After finishing “House of Cards” I am on a binge studying of the Stanford online course “Statistical Learning”. That is the best ever class on the subject: comprehendible explanations, no rush, appropriate jokes, no excessive material, the free book for download that closely follows the material of the class, and lovely R sessions running by Trevor Hastie himself.
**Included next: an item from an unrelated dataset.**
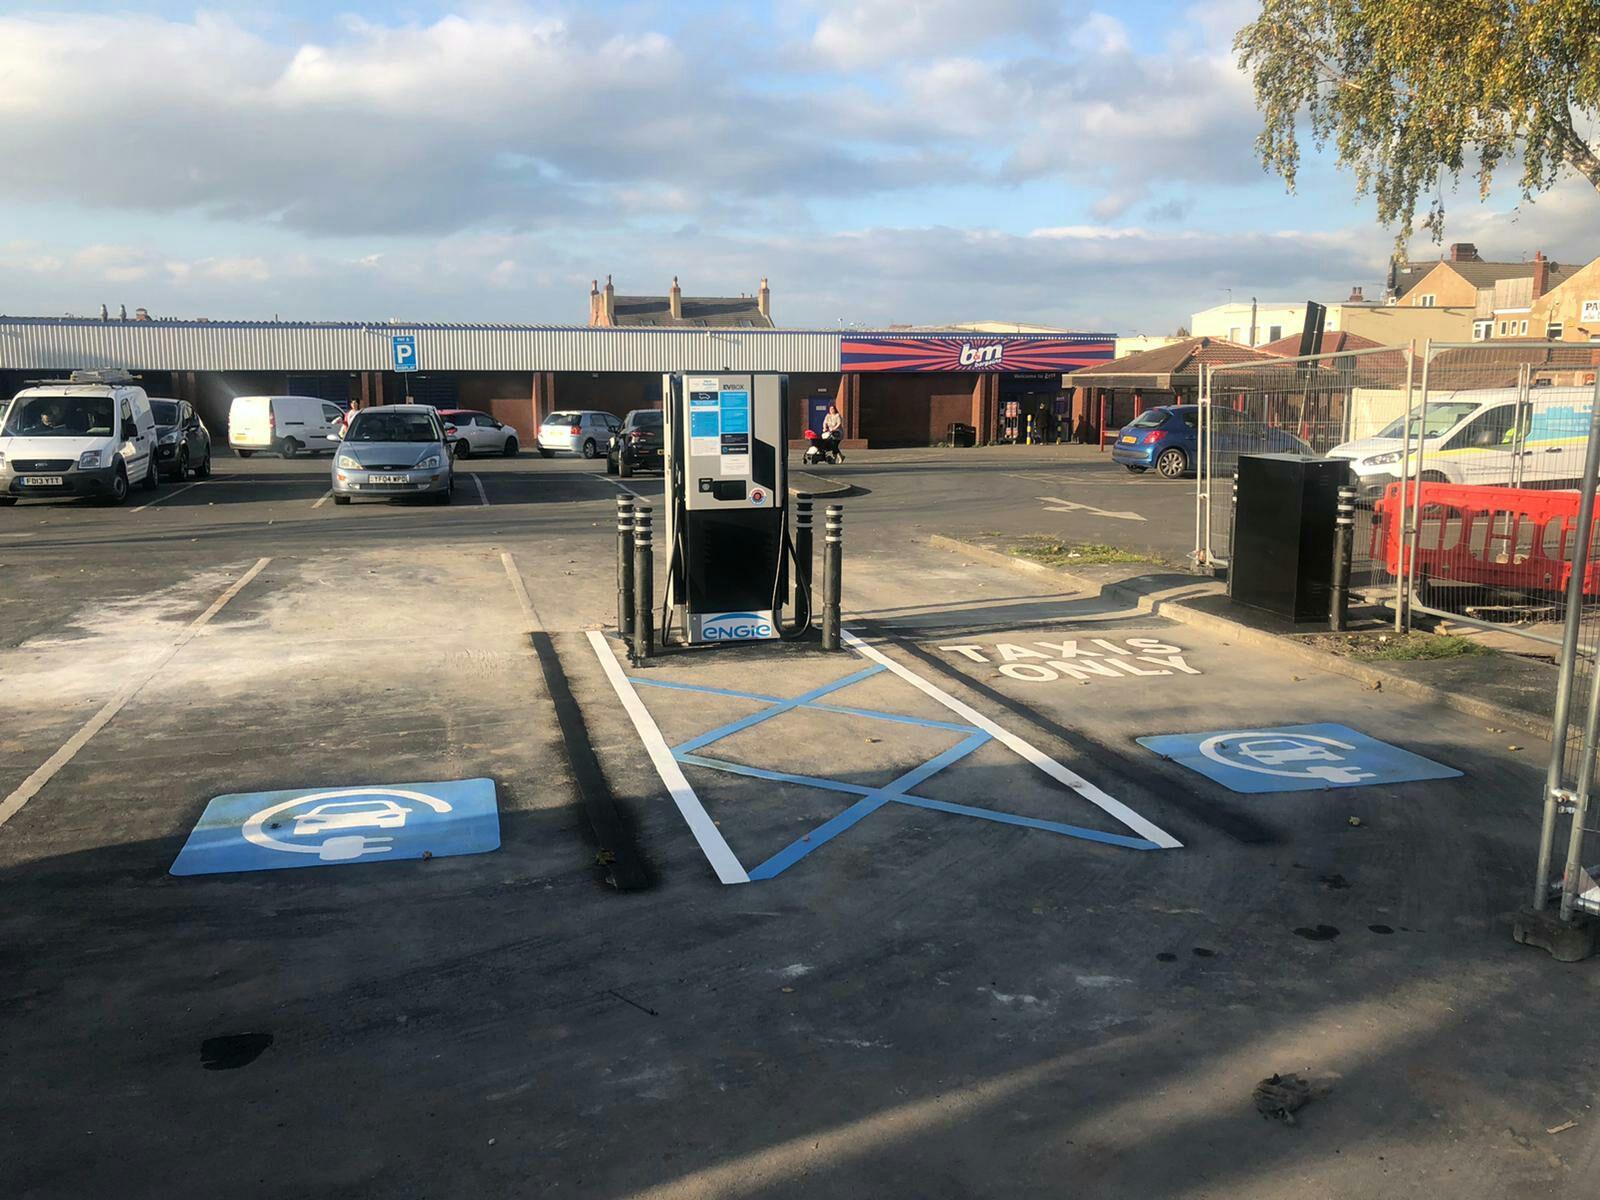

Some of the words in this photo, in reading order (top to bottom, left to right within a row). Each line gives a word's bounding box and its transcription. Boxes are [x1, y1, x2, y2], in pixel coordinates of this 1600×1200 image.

I have learned new tricks in R. For example, a handy matplot() function, which output is shown above. On one plot, it shows values for each variable (column) for each row (X-axes) in the data frame. It can be seen that there is strong autocorrelation between consecutive rows, or about 10-20 repeats of every data point — so the sample size is in effect much smaller than the number of rows. That would result in a serious underestimate of the standard error (s.e.) for regression coefficients, if to model y (values are shown in black on the plot) as a linear function of x1 (in red) and x2 (in blue): y = b0 + b1*x1 + b2* x2. Thus, for b1, the standard bootstrap gave s.e. of 0.028, while the block bootstrap (by blocks of 100 rows), 0.196.
While I was satisfying my mental curiosity and was busy with launching a new project at work (implementation of a new analytical tool for IEDB.org to be launched in summer), a lot has happened in the world of Big Data that I crave for comprehension and reporting.